Stored data entries:
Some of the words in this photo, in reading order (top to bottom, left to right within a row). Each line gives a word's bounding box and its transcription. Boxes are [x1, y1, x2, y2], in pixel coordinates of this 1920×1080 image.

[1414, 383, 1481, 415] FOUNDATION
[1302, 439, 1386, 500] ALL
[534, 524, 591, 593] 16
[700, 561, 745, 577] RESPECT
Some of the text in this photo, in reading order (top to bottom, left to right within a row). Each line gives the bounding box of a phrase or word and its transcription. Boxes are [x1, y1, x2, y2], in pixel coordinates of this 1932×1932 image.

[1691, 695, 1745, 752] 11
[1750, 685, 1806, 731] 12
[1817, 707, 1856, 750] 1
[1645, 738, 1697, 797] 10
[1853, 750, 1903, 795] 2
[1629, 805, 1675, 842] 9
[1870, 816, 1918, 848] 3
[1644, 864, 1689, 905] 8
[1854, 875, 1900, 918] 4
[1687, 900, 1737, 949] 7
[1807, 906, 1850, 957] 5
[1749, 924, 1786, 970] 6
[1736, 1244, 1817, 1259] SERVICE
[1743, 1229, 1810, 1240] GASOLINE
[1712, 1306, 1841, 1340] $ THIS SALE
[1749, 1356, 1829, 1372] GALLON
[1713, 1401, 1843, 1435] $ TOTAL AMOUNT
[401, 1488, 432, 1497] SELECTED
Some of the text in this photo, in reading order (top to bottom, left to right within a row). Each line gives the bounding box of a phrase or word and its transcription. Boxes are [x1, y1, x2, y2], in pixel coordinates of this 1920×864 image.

**Activity**
The data must be retyped in full, exactly as it reads.

**Task answer**
Some of the words in this photo, in reading order (top to bottom, left to right within a row). Each line gives a word's bounding box and its transcription. Boxes are [x1, y1, x2, y2], in pixel coordinates of this 1920×1080 image.

[1414, 383, 1481, 415] FOUNDATION
[1302, 439, 1386, 500] ALL
[534, 524, 591, 593] 16
[700, 561, 745, 577] RESPECT
Some of the text in this photo, in reading order (top to bottom, left to right within a row). Each line gives the bounding box of a phrase or word and its transcription. Boxes are [x1, y1, x2, y2], in pixel coordinates of this 1932×1932 image.

[1691, 695, 1745, 752] 11
[1750, 685, 1806, 731] 12
[1817, 707, 1856, 750] 1
[1645, 738, 1697, 797] 10
[1853, 750, 1903, 795] 2
[1629, 805, 1675, 842] 9
[1870, 816, 1918, 848] 3
[1644, 864, 1689, 905] 8
[1854, 875, 1900, 918] 4
[1687, 900, 1737, 949] 7
[1807, 906, 1850, 957] 5
[1749, 924, 1786, 970] 6
[1736, 1244, 1817, 1259] SERVICE
[1743, 1229, 1810, 1240] GASOLINE
[1712, 1306, 1841, 1340] $ THIS SALE
[1749, 1356, 1829, 1372] GALLON
[1713, 1401, 1843, 1435] $ TOTAL AMOUNT
[401, 1488, 432, 1497] SELECTED
Some of the text in this photo, in reading order (top to bottom, left to right within a row). Each line gives the bounding box of a phrase or word and its transcription. Boxes are [x1, y1, x2, y2], in pixel coordinates of this 1920×864 image.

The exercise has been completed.